Ahh, cookies — those annoying pop-ups that come up when you enter every website. How do you deal with them? Are you the type of person who accepts them unconditionally? Or do you try to find the “reject all cookies” button companies desperately try to hide? In an age of increasing digitization, cookies serve as the doorway into a long journey of online tracking, throwing off our online presence of privacy into a vulnerable position.

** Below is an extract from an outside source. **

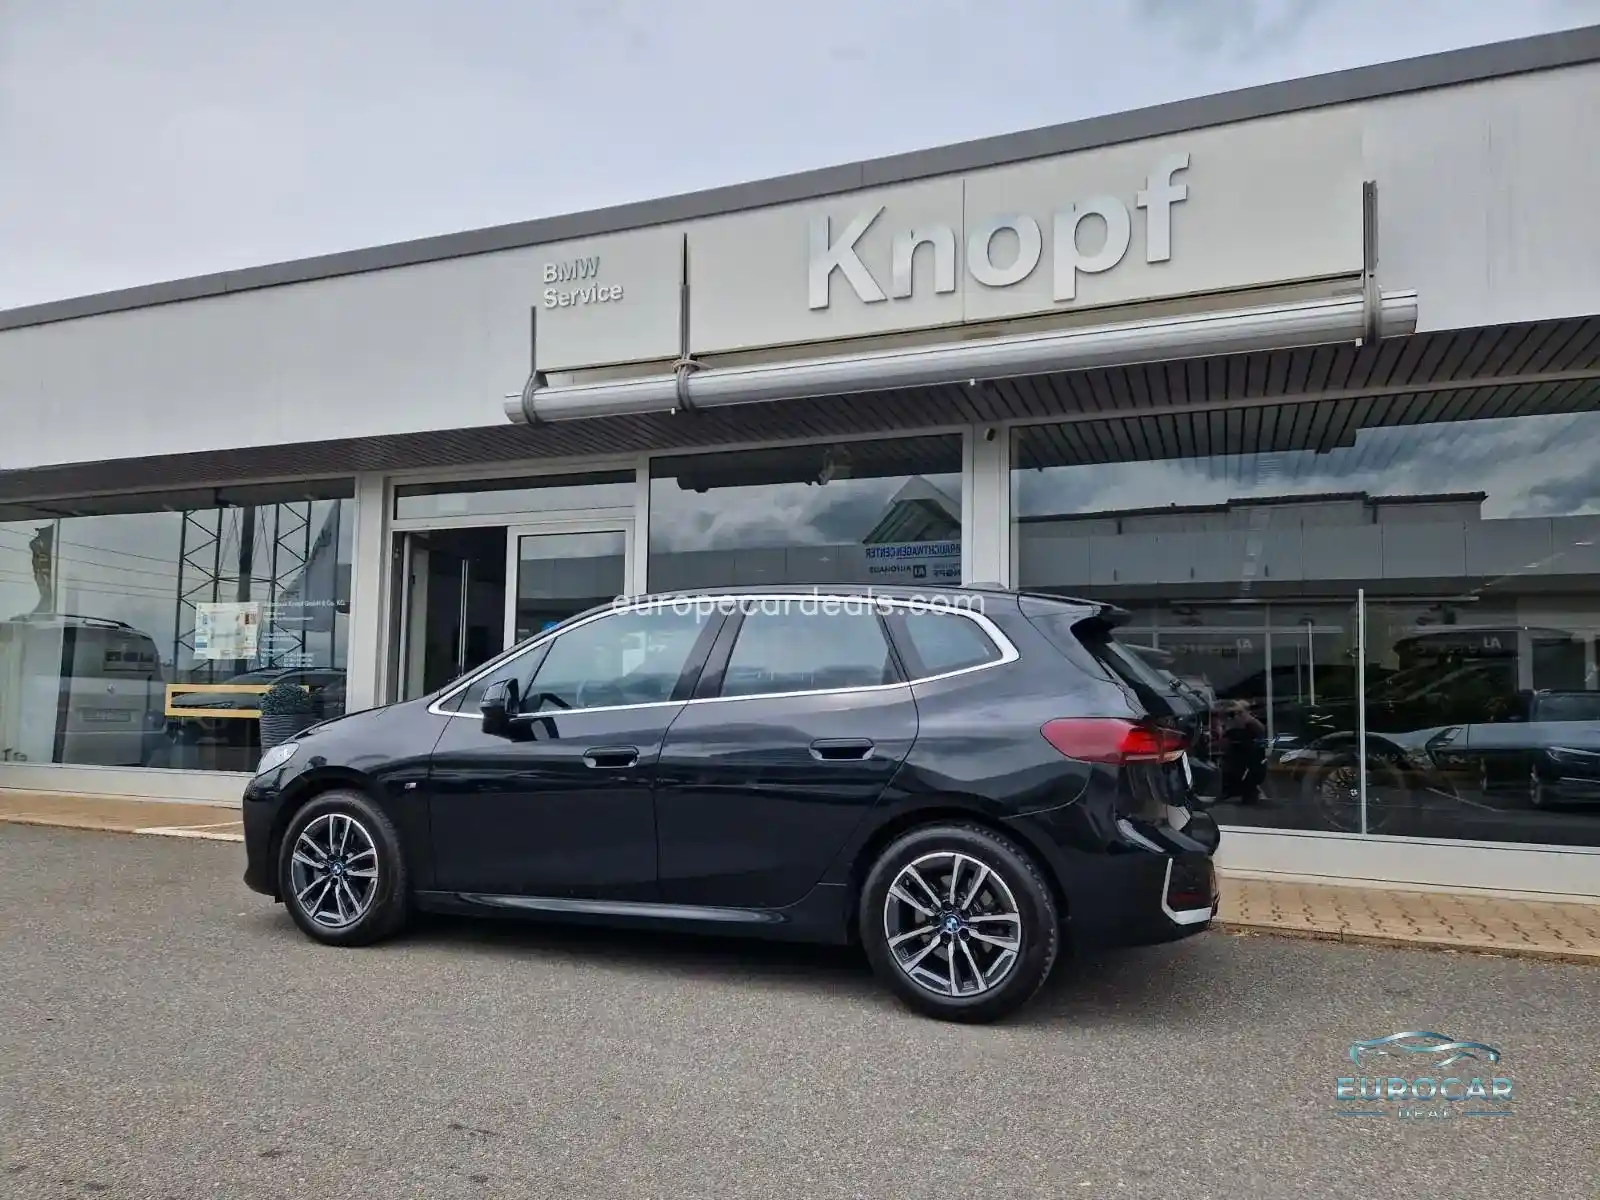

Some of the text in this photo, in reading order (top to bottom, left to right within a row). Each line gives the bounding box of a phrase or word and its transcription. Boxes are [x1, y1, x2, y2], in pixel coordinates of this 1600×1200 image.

Web cookies were invented during the 1990s to address websites’ problem with having to store temporary data on user computers, thereby decreasing the server’s overhead and costs. When a website uses cookies, it can remember your every visit even after closing your browser. The use of cookies quickly spread across the World Wide Web, as they allowed websites to do more by maintaining continuity between sessions, such as the “Remember Me” option. Meanwhile, internet advertising companies figured out an
alternative way to use them via storing a unique identifier in each user's browser. Then, each time these users visit a new website, advertisers can determine who they are with full certainty by reading the unique identifier stored in the cookie. Over time, this tracking potential of cookies gained public attention. Governments have
passed laws to prevent tracking without user consent. This, however, didn't stop tracking in the digital world. Although the tracking capabilities of cookies faced increased legal restrictions, the methods of tracking became even more intricate. New methods like
browser fingerprinting, which tracks users based on the unique properties of their computers, became more widespread. In the current day, any device with internet capabilities may collect and send your data to third parties. It started with your web browsers and now includes mobile apps, cars, doorbells, and even
smart thermometers.
Today, most digital services require you to provide data for processing. Phone keyboards need to record your words and sentences to perform auto-completion; maps need constant location data to provide traffic information; social media apps need to know your personality and likes to show you videos that you would enjoy; shopping websites need to know your consumer habits to recommend you just the right product.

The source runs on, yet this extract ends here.